RAPAMYCIN-INDUCED RESCUE OF AUTOPHAGY DRIVES GLIOBLASTOMA STEM/PROGENITOR CELLS DIFFERENTIATION

Glioblastoma (GBM; WHO grade IV glioma) is the most common, aggressive and malignant primary brain tumor. Recently, evidence indicates that GBM proliferation and tissue invasion are supported by the presence of cancer stem/progenitor cells niches, named GSPCs (Glioblastoma Stem/Progenitor Cells). In these niches, cells share the biological properties of normal stem cells, such as self-renewal, pluripotency and marked proliferation; they are key in tumor initiation, relapse and resistance to standard treatments. At molecular level, GSPCs are characterized by marked up-regulation of the mammalian Target Of Rapamycin (mTOR), a master regulator of cell growth and metabolism. In particular, mTOR acts as a negative modulator of autophagy. Although autophagy suppression in GBM is well established, its significance remains controversial, whereas the increase in autophagy may lead either to cell differentiation or to cell death, depending on the experimental conditions and the dose of autophagy inducers.
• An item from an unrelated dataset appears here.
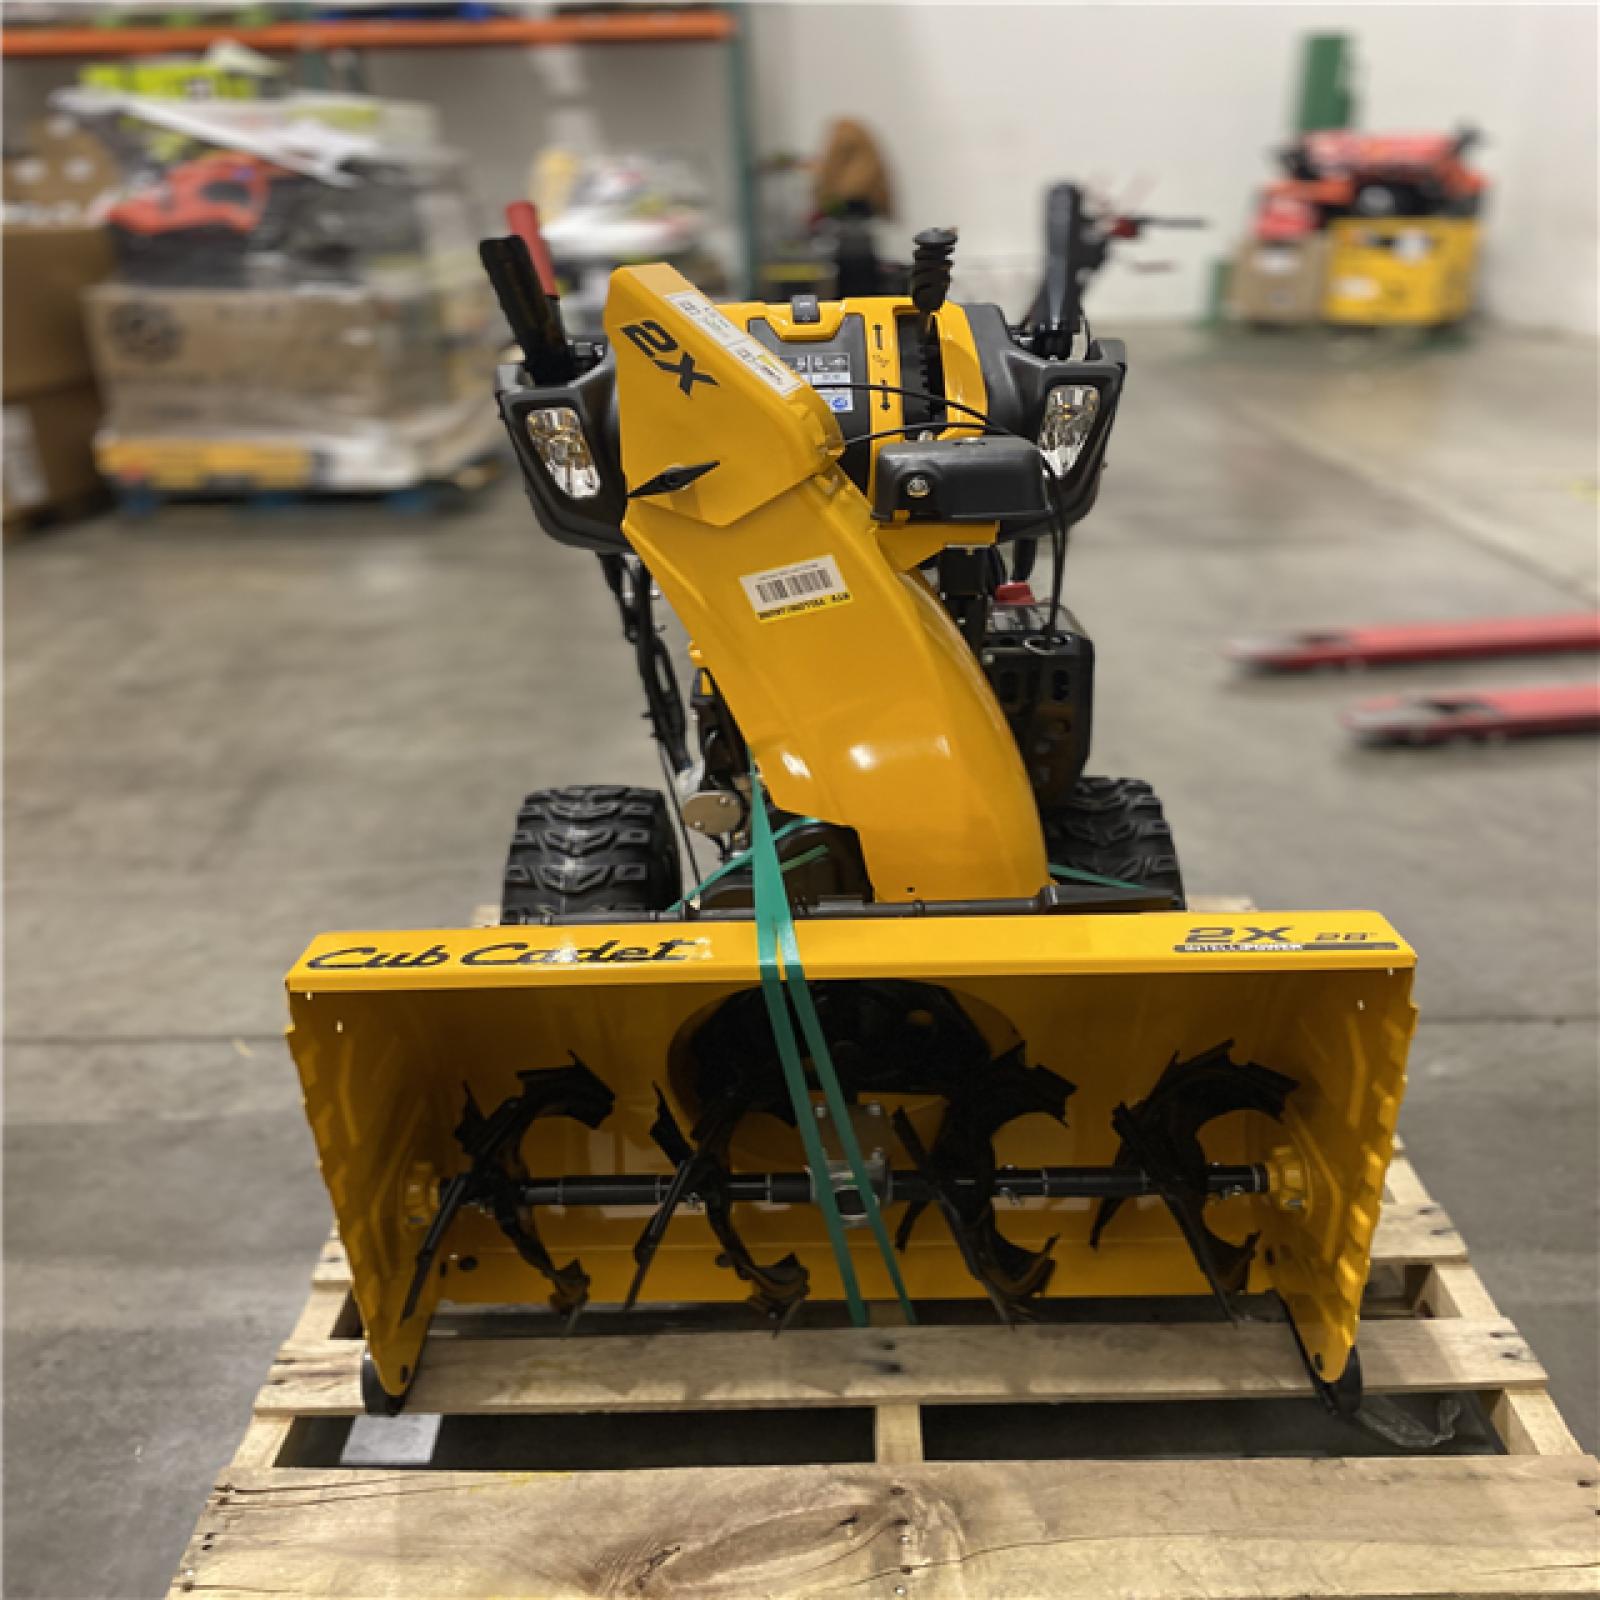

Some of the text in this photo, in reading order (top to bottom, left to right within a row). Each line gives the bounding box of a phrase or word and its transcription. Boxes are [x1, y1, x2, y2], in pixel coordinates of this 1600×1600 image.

[620, 320, 720, 397] 2X
[1185, 927, 1294, 943] 2X
[306, 939, 697, 968] Cub Cadet
Therefore in the present study we analyzed the efficacy of the mTOR inhibitor and autophagy activator, rapamycin, on GBM cell proliferation and cell differentiation. We found that rapamycin induced a marked reduction of the stemness marker Nestin, along with an increase for the early and late neuronal marker, beta-III tubulin and NeuN, respectively. No effects were noticed for the glial marker GFAP. These effects, together with evidence of a massive tumor volume reduction in the absence of any cell death, generate the working hypothesis that rapamycin acts on GBM both reducing cell proliferation and promoting GSPCs phenotypic switch towards neurons.